[Dataset excerpts]
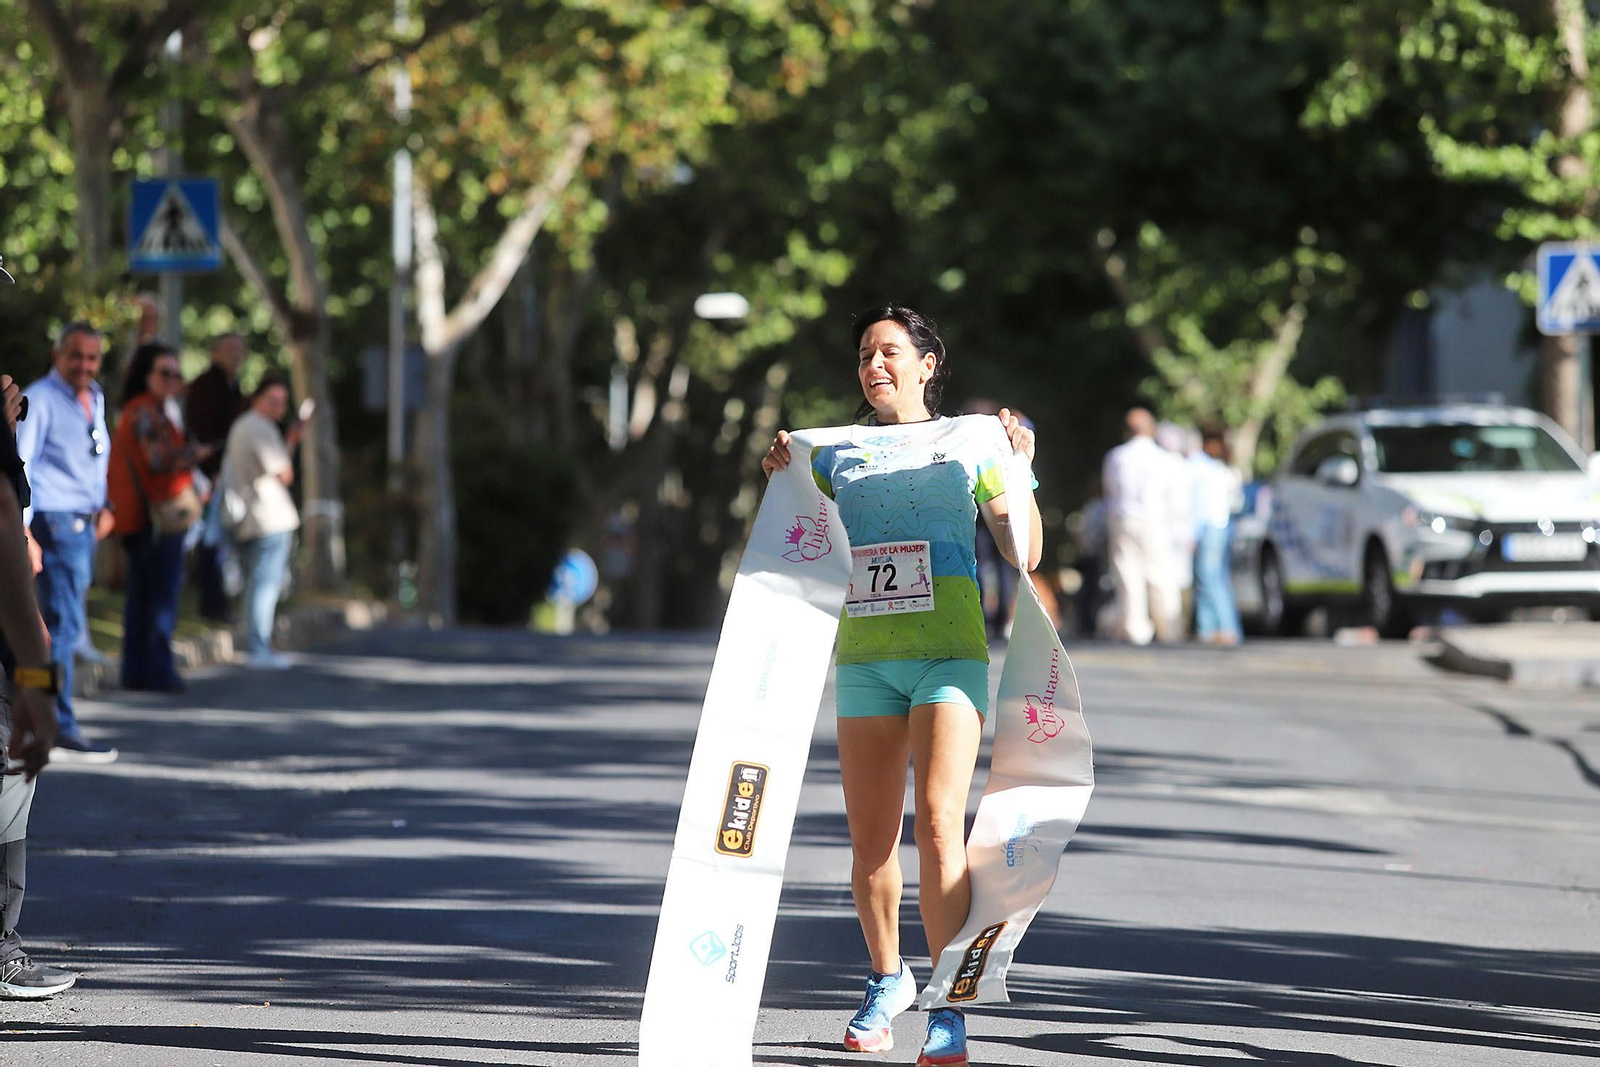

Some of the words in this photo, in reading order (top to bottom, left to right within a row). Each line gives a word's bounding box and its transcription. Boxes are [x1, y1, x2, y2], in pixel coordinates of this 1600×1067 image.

[880, 547, 888, 555] DE
[889, 546, 899, 554] LA
[900, 544, 925, 553] MUJER
[867, 563, 898, 592] 72
[722, 766, 760, 850] ekiden
[744, 832, 752, 850] Club
[748, 794, 760, 832] Deportivo
[1006, 813, 1028, 867] CORREDOR
[954, 927, 999, 995] ekiden

# ACTION ITEM
Once the images are removed, print the remaining data exactly as it appears above.

# FINISHED EXERCISE
Some of the words in this photo, in reading order (top to bottom, left to right within a row). Each line gives a word's bounding box and its transcription. Boxes are [x1, y1, x2, y2], in pixel coordinates of this 1600×1067 image.

[880, 547, 888, 555] DE
[889, 546, 899, 554] LA
[900, 544, 925, 553] MUJER
[867, 563, 898, 592] 72
[722, 766, 760, 850] ekiden
[744, 832, 752, 850] Club
[748, 794, 760, 832] Deportivo
[1006, 813, 1028, 867] CORREDOR
[954, 927, 999, 995] ekiden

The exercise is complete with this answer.